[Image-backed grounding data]
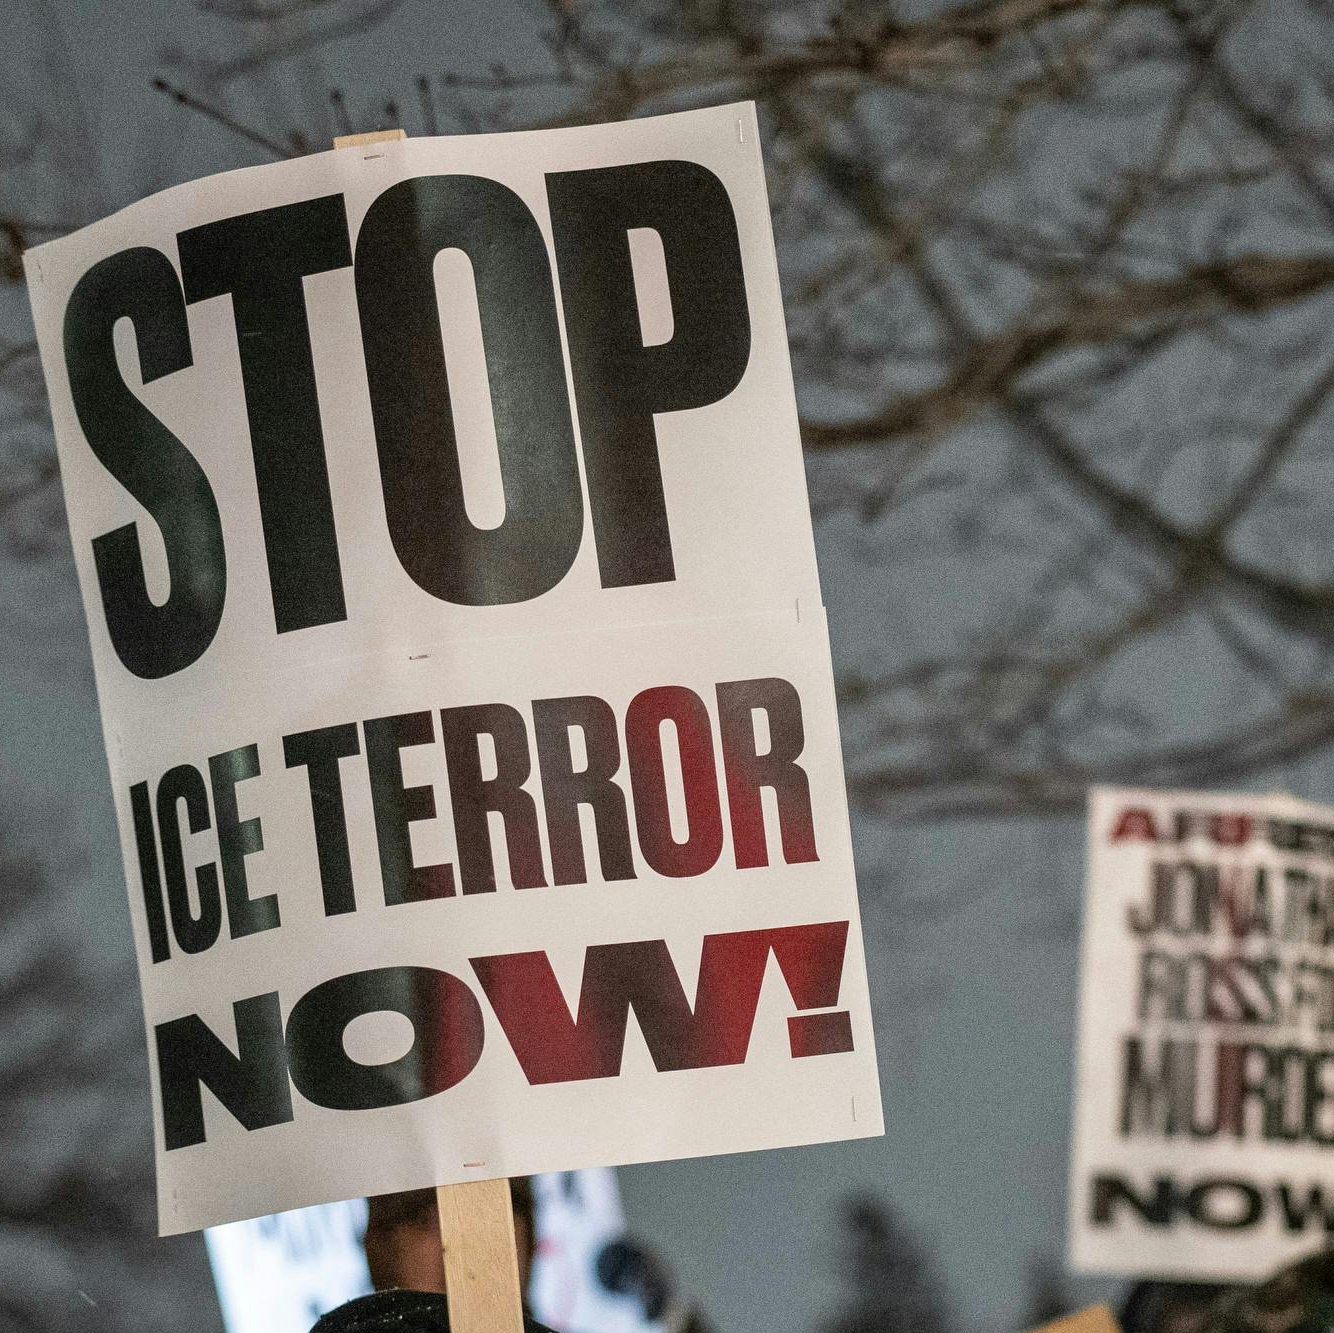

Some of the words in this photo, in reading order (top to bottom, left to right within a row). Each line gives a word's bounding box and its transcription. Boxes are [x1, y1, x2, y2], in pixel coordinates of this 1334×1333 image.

[63, 158, 753, 681] STOP
[128, 744, 282, 966] ICE
[282, 677, 821, 918] TERROR
[153, 920, 857, 1152] NOW!
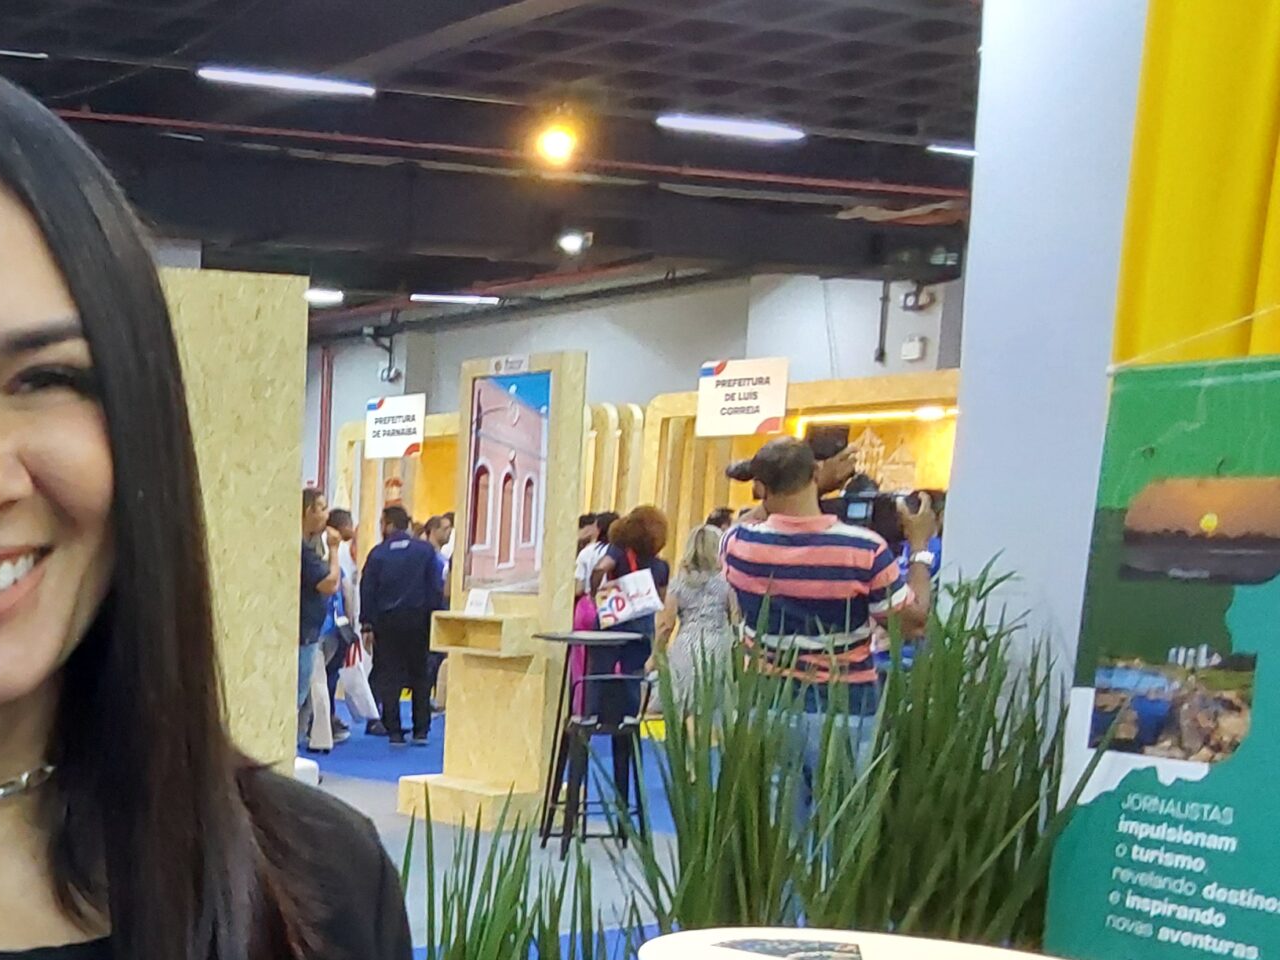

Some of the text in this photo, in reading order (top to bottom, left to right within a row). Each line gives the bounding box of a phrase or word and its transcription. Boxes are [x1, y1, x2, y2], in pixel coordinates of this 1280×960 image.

[715, 376, 771, 388] PREFEITURA
[724, 392, 736, 402] DE
[720, 405, 760, 416] CORREIA
[374, 414, 416, 425] PREFEITURA
[372, 429, 381, 439] DE
[1121, 793, 1234, 825] JORNALISTAS
[1117, 813, 1238, 852] impulsionam
[1115, 843, 1128, 858] o
[1112, 866, 1197, 896] revelando
[1109, 889, 1226, 928] e inspirando
[1106, 914, 1153, 937] novas
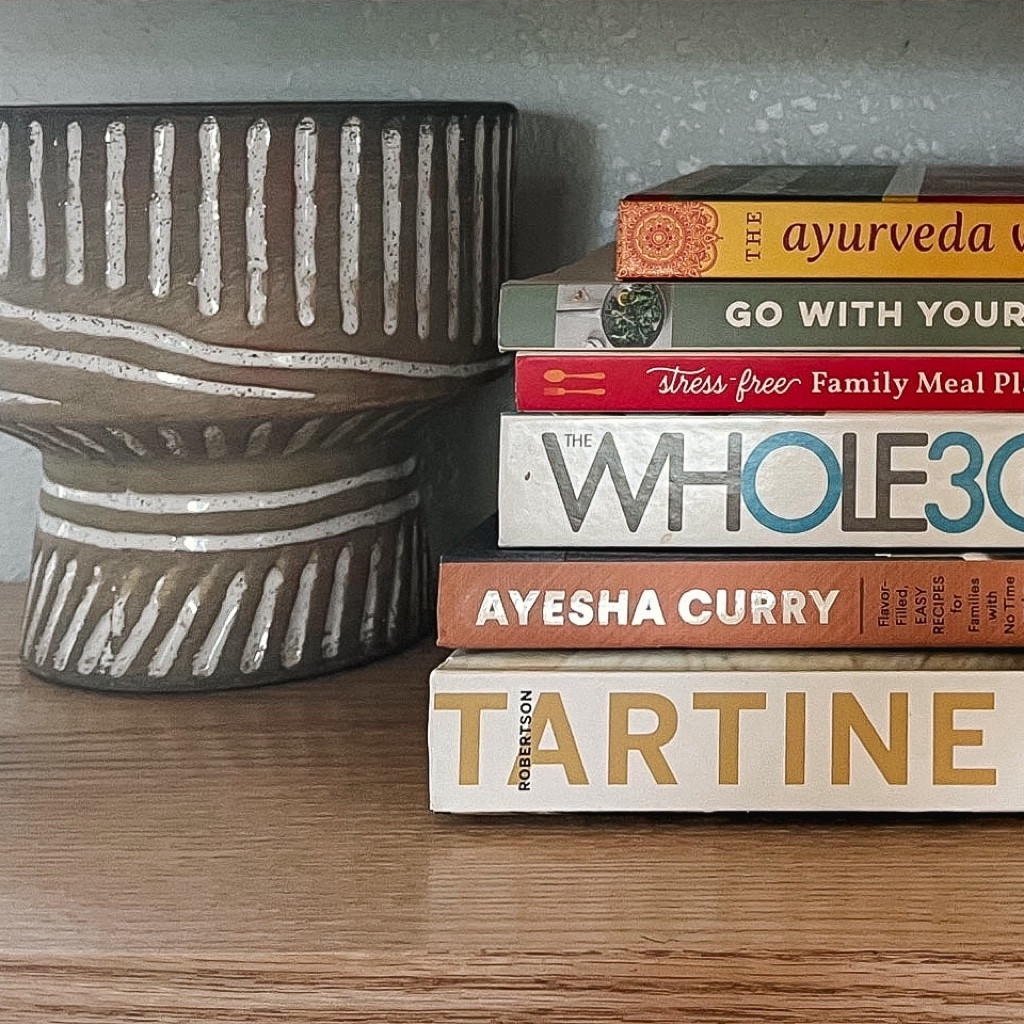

_Action item_.
For this exercise, transcribe the data above line by line, exactly, with pictures omitted.

_Answer area_.
Some of the words in this photo, in reading order (top to bottom, left to right within a row). Each line gives a word's bounding box and its transcription. Boxes are [x1, y1, x2, y2], in pixel coordinates of this 1334×1333 image.

[63, 158, 753, 681] STOP
[128, 744, 282, 966] ICE
[282, 677, 821, 918] TERROR
[153, 920, 857, 1152] NOW!

Some of the text in this photo, in reading order (top to bottom, left to right within a row). Each line gives the bounding box of a phrase or word and its transcription. Boxes are [x1, y1, x2, y2], in pixel coordinates of this 1280×960 image.

[715, 376, 771, 388] PREFEITURA
[724, 392, 736, 402] DE
[720, 405, 760, 416] CORREIA
[374, 414, 416, 425] PREFEITURA
[372, 429, 381, 439] DE
[1121, 793, 1234, 825] JORNALISTAS
[1117, 813, 1238, 852] impulsionam
[1115, 843, 1128, 858] o
[1112, 866, 1197, 896] revelando
[1109, 889, 1226, 928] e inspirando
[1106, 914, 1153, 937] novas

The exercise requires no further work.